=== The input ===
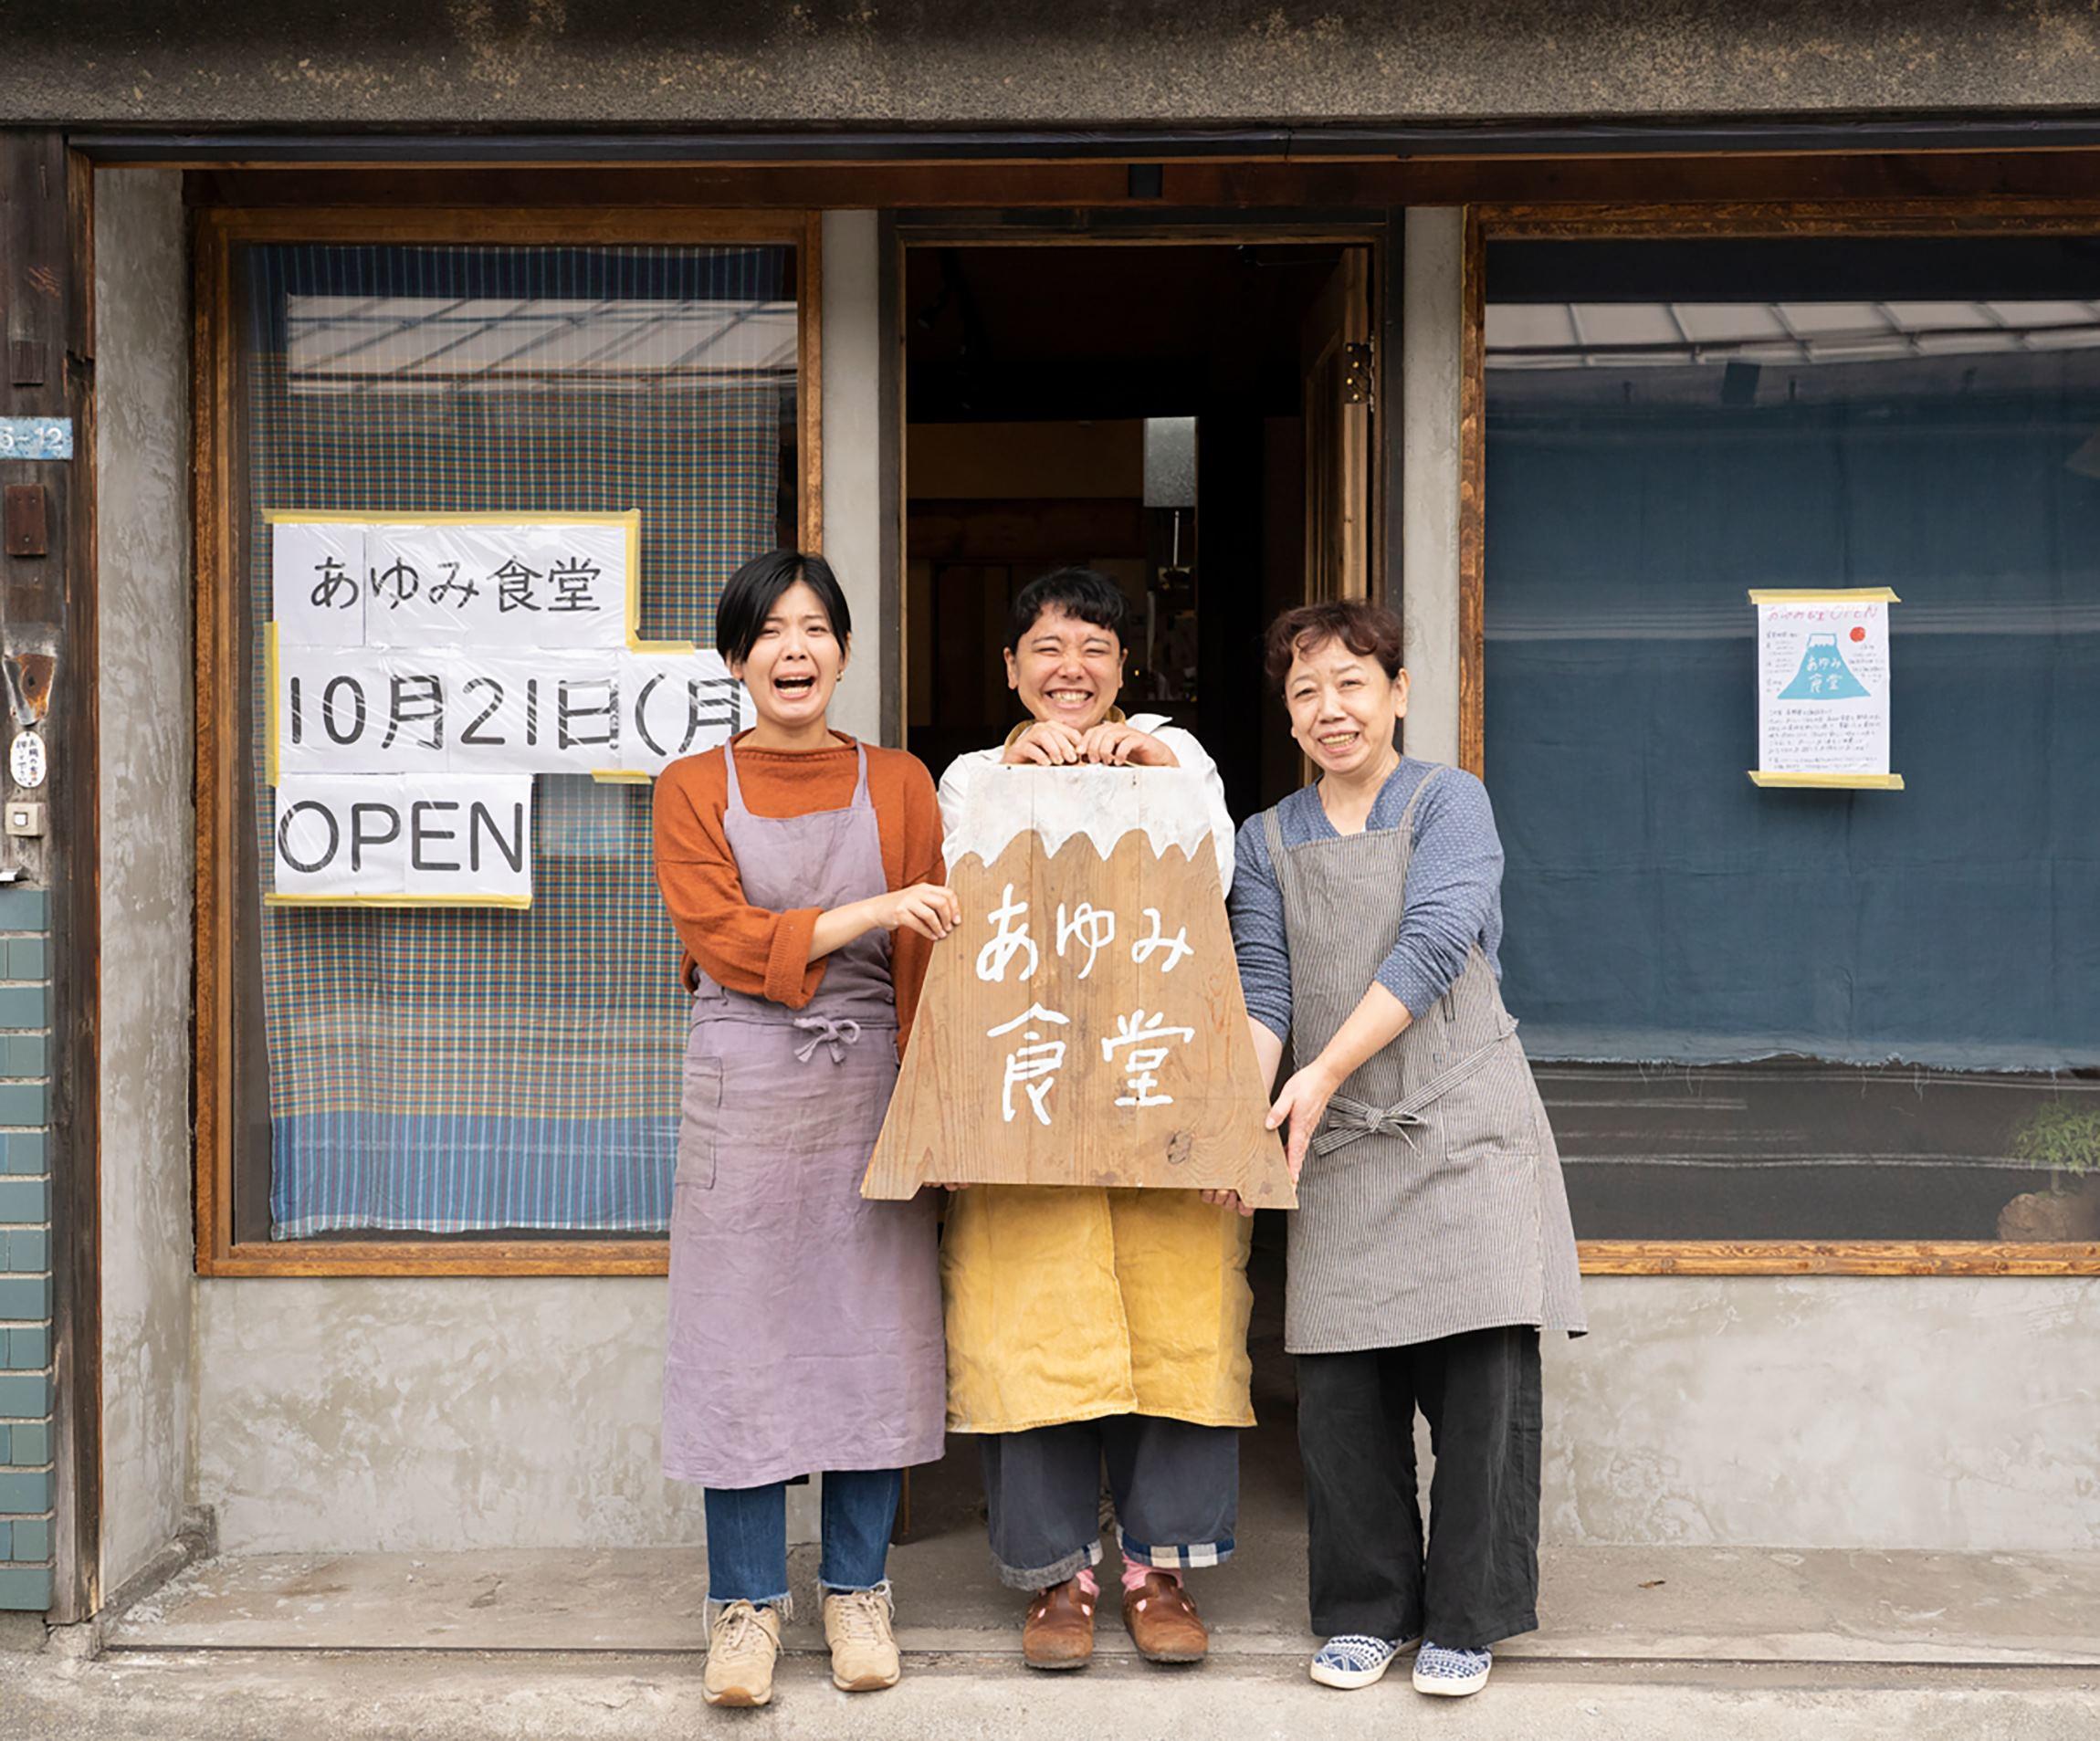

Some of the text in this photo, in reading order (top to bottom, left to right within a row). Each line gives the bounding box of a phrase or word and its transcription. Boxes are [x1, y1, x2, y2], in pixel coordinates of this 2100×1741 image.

[310, 555, 601, 614] あゆみ食堂
[278, 800, 524, 874] OPEN
[975, 882, 1195, 982] あゆみ
[986, 1002, 1196, 1126] 食堂

=== Your instructions ===
Could you print the listing above word for word, without its pictures?

=== Output ===
Some of the text in this photo, in reading order (top to bottom, left to right within a row). Each line gives the bounding box of a phrase or word and its transcription. Boxes are [x1, y1, x2, y2], in pixel coordinates of this 2100×1741 image.

[310, 555, 601, 614] あゆみ食堂
[278, 800, 524, 874] OPEN
[975, 882, 1195, 982] あゆみ
[986, 1002, 1196, 1126] 食堂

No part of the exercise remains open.